DePalma is brilliant. The grandiose style of music and imagery bring you back to the time of Prohibition. There are some scenes where you don't even watch the actors b/c you're too busy marveling at the set.
The DVD. Well, given that it's not "Collector's Edition", "Criterion Collection" and so on...you can guess on the content. Almost NONE. It's a standard bare bones DVD. I was pleasantly surprised by the picture and sound quality though. The sound and visuals compare to modern day movies.

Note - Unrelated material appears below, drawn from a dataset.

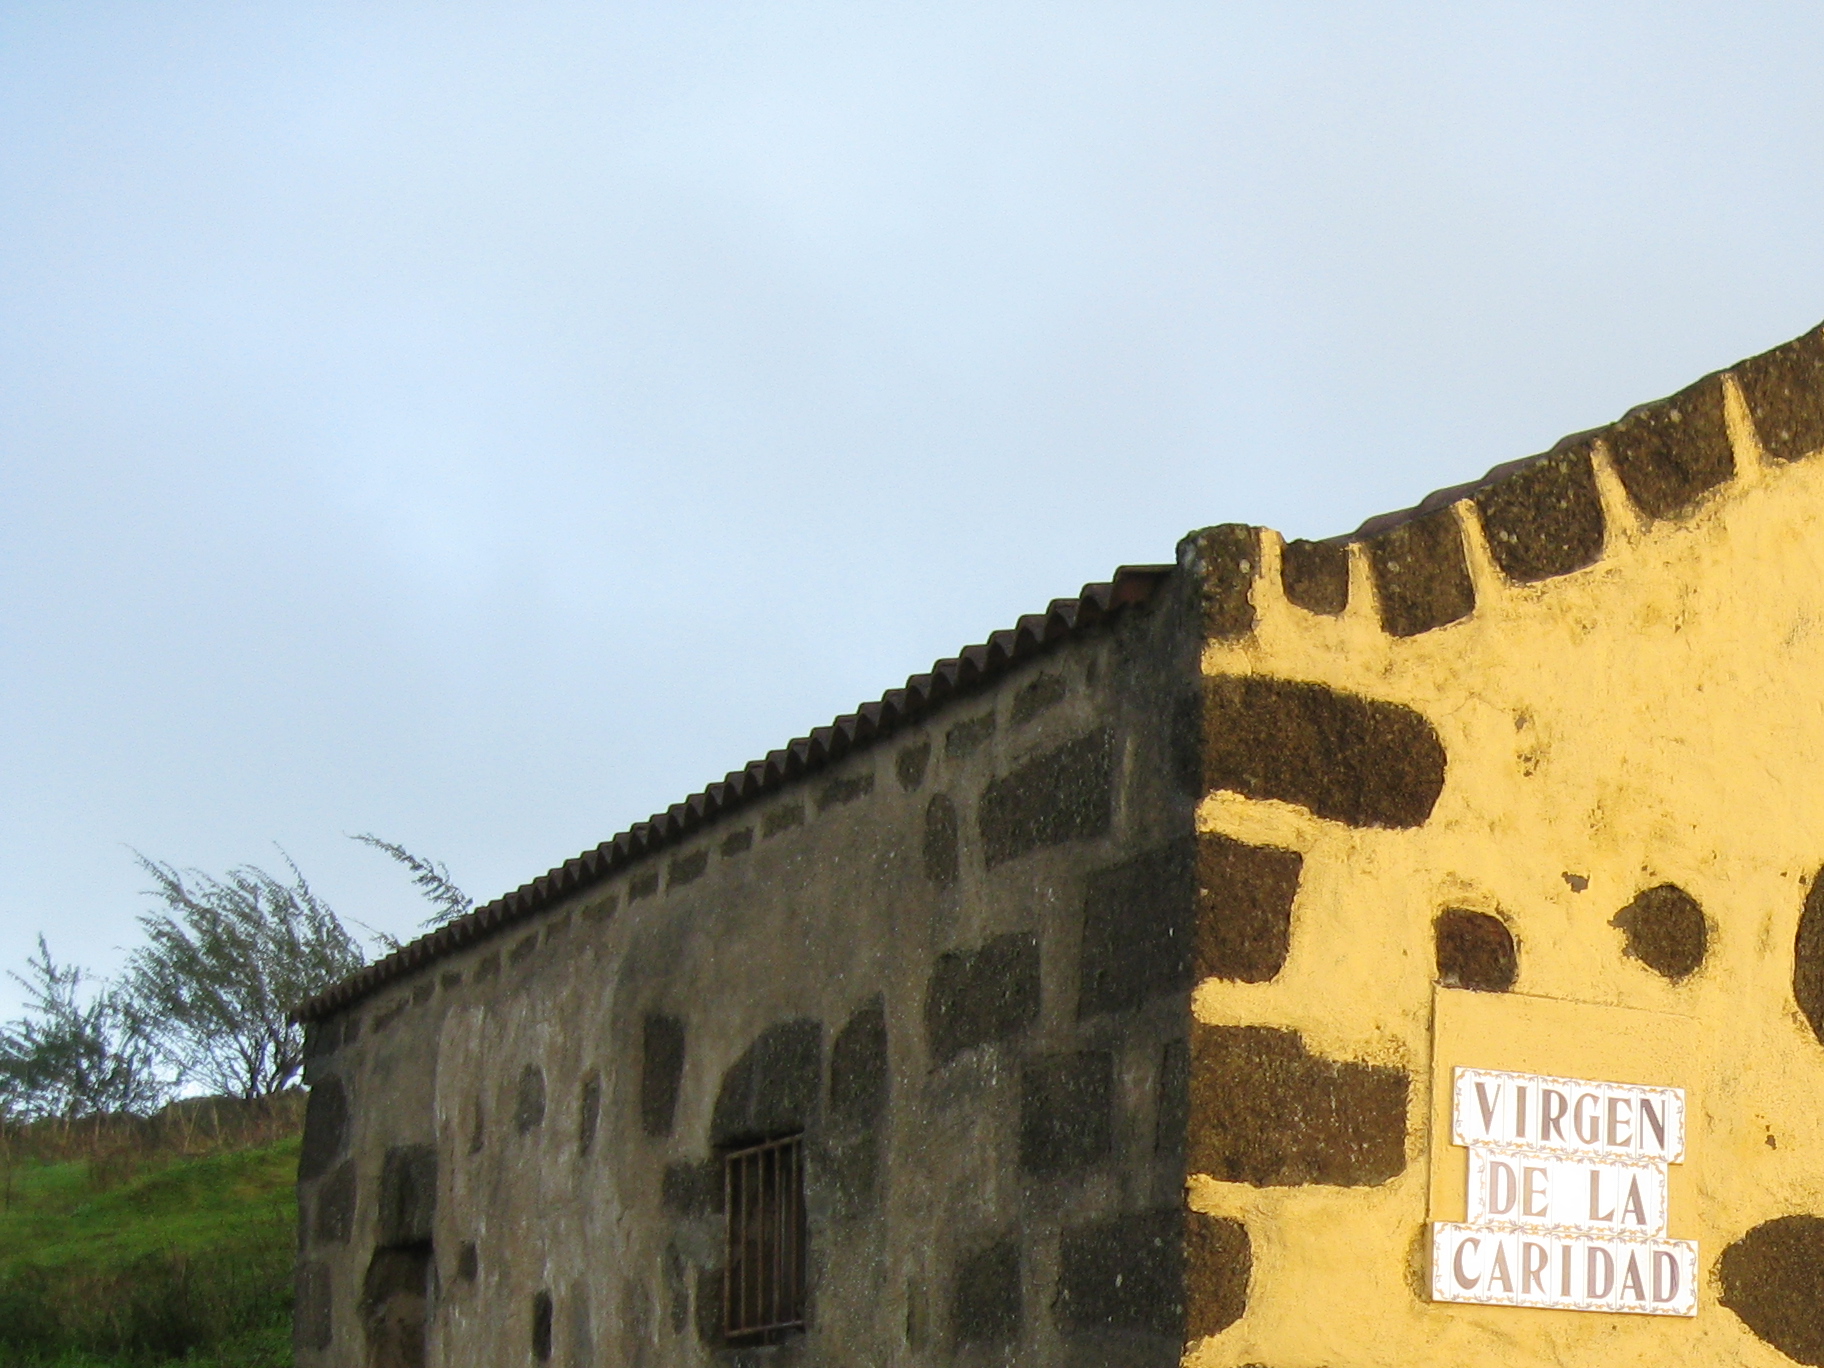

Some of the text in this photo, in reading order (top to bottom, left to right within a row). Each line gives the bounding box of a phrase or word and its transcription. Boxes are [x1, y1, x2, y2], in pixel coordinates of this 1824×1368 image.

This Movie is so watchable. I can picture myself watching this movie once every year or so...and enjoying it every time.
Touchable...
This film marks several remarkable firsts: The first true representation of a David Mamet film script (although "The Verdict" in 1980 came first), the leading-man status of Kevin Costner (deservedly so, since despite disasters like "The Postman" and "3000 Miles to Graceland", he's a very good actor with a very impressive resume and an Oscar to boot), Sean Connery's first Oscar win, also very much deserved, and most importantly, the first good film from Brian De Palma. People call films like "Body Double", "Carrie", "Blow Out" and "Dressed to Kill" classics... why they do, I have nary a clue. Those are some of the worst rip-off films in history. His "Hitchcockian" feeling is, to me, straight-up plagarism. He rips off plots and shots that are embarassing mish-moshes of Hitch's best (and worst) stuff. And did you see "Mission to Mars"? I didn't think so. And the only people that I can imagine that liked "Femme Fatale" were fans of the bathroom sequence (If you saw it, you know what I'm talking about). The only other film of his that was worth watching was "Mission: Impossible". But "The Untouchables" is a real work of art. I won't go into plot points, but I'll comment on the film's great points: 1) The dialogue is sparkling. Mamet makes these people real as opposed to just making them standard action caricatures (the young idealist, the grizzled old wise-man, the cocky rookie, and the dorky fifth-wheel). 2) The performances are top-notch. Costner, Connery, Martin Smith, Garcia, De Niro, and an underrated performance from Richard Bradford as Chief Dorsett really help to pull this film off. They give it all they got. They make the tragedy and drama and excitement and horror and triumpth of this film work. 3) The visuals are stunning. Stephen Burum really makes that camera work, especially with those beautiful shots of LaSalle Street. This film is a great revisionist telling of the Eliot Ness vs. Al Capone brawl. The film obviously takess a lot of liberties with history, but they really work, especially with the dispatching of one particularly bad man which in my opinion makes for the MOST satisfying film death EVER. It really makes you happy to watch this guy bite it ("Did he sound anything like THAT?!?"). This is a great film and I could not recommend it more highly. But go ahead and skip the rest of De Palma's 'classics'.